Autre sujet particulièrement intéressant, les combats autour de Varsovie fin juillet et début août 1944. L’Histoire retient que l’Armée rouge reste aux portes de la capitale polonaise le temps que l’insurrection soit matée par les Allemands afin d’éviter tout gouvernement non communiste. Militairement parlant, la situation est un peu plus complexe. Charles TRANG revient ainsi sur la destruction des pointes avancées soviétiques sous l’impulsion de Walter MODEL qui, toute proportion gardée, réédite le même exploit que von MANSTEIN à Kharkiv au printemps 1943 : rétablir une situation particulièrement compromise en profitant de l’épuisement soviétique et d’une manœuvre particulièrement habile combinés à une parfaite maîtrise des opérations. L’insurrection polonaise se déclenche trop tard. Les Soviétiques sont déjà accaparées par tenter de sauver leurs propres éléments de la destruction.

Ce numéro débute une très intéressante étude de Hubert GROULT sur les kamikazes japonais. Revenant sur les motivations et le contexte, l’auteur décrit ensuite les premières opérations dans le Pacifique. La description de la succession des opérations suicide et les dégâts provoqués montrent l’ampleur du danger que les kamikazes représentent pour la flotte américaine, son impact psychologique mais aussi matériel et humain. Bien loin d’être anecdotique.

Le récit des opération de la Brigade Irene (prolongation de l’article paru dans Normandie 1944 Magazine n°35) est ici particulièrement intéressant car il entraîne les lecteurs dans les combats lors de l’avance vers la Hollande en septembre et octobre 1944. Mis à part ceux célèbres de l’opération Market-Garden (et encore pas tous), ce secteur est réellement à découvrir (voir aussi Autumn Gale et Kampfgruppe Walther). Les photos qui accompagnent l’article sont variées et originales avec quelques portraits saisissants de combattants.

Côté armée américaine, hommage à un vétéran du 6 juin 1944, la suite de la biographie de RAFF de ses démêlés avec RIDGWAY (entre autres) et de son rôle dans la mise en place des forces spéciales américaines au sens contemporain du terme, et un étonnant article sur la vie quotidienne des soldats dans les semaines et les mois qui suivent la fin des combats avec l’exemple du 507th US Parachute Infantry Regiment en Autriche.

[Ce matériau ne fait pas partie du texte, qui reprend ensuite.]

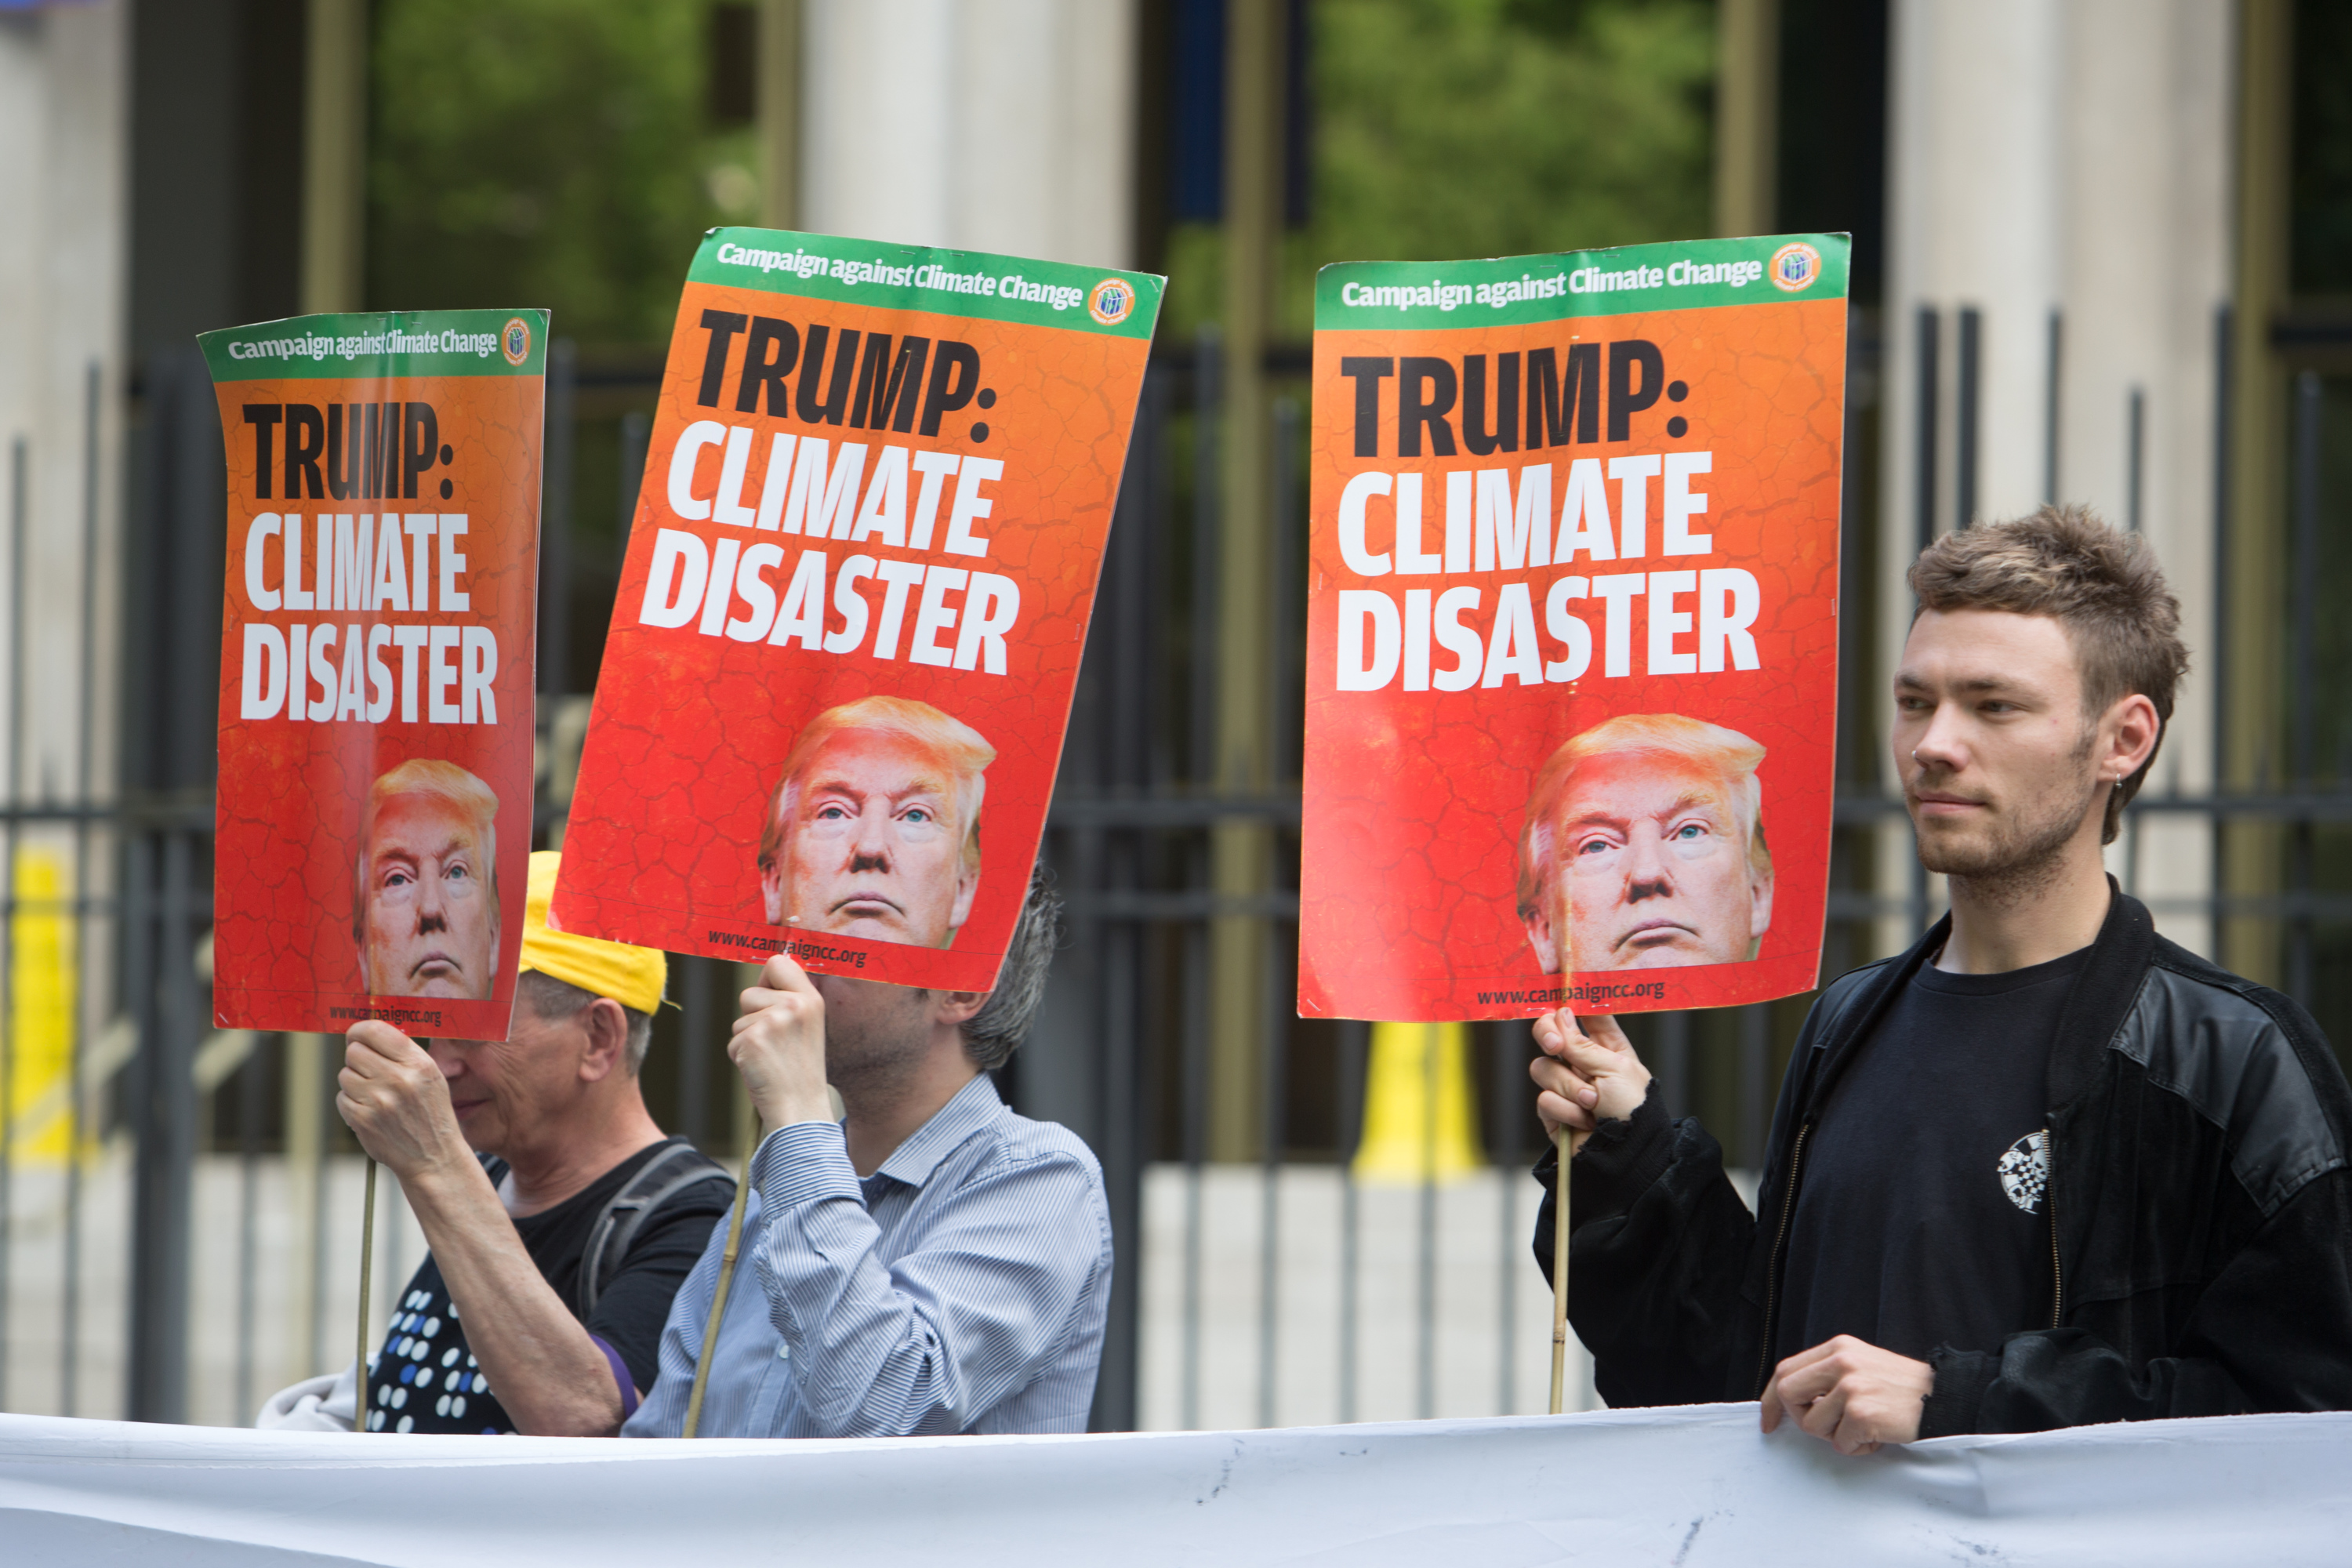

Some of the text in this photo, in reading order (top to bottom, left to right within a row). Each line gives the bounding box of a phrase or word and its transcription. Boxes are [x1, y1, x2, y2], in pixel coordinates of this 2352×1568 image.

La découverte des installations du Westwall à l’aide du musée de Beckingen ne peut qu’inciter à découvrir davantage cette ligne de fortifications qui, comme la Ligne Maginot, reste bien moins étudiées et connue que le Mur de l’Atlantique. Toujours riche en couleurs, une étonnante étude présente des objets commémoratifs de propagande pour célébrer l’Axe.

La rubrique bibliothèque se penche sur la biographie de von Runstedt, le maréchal oublié avec une recension positive.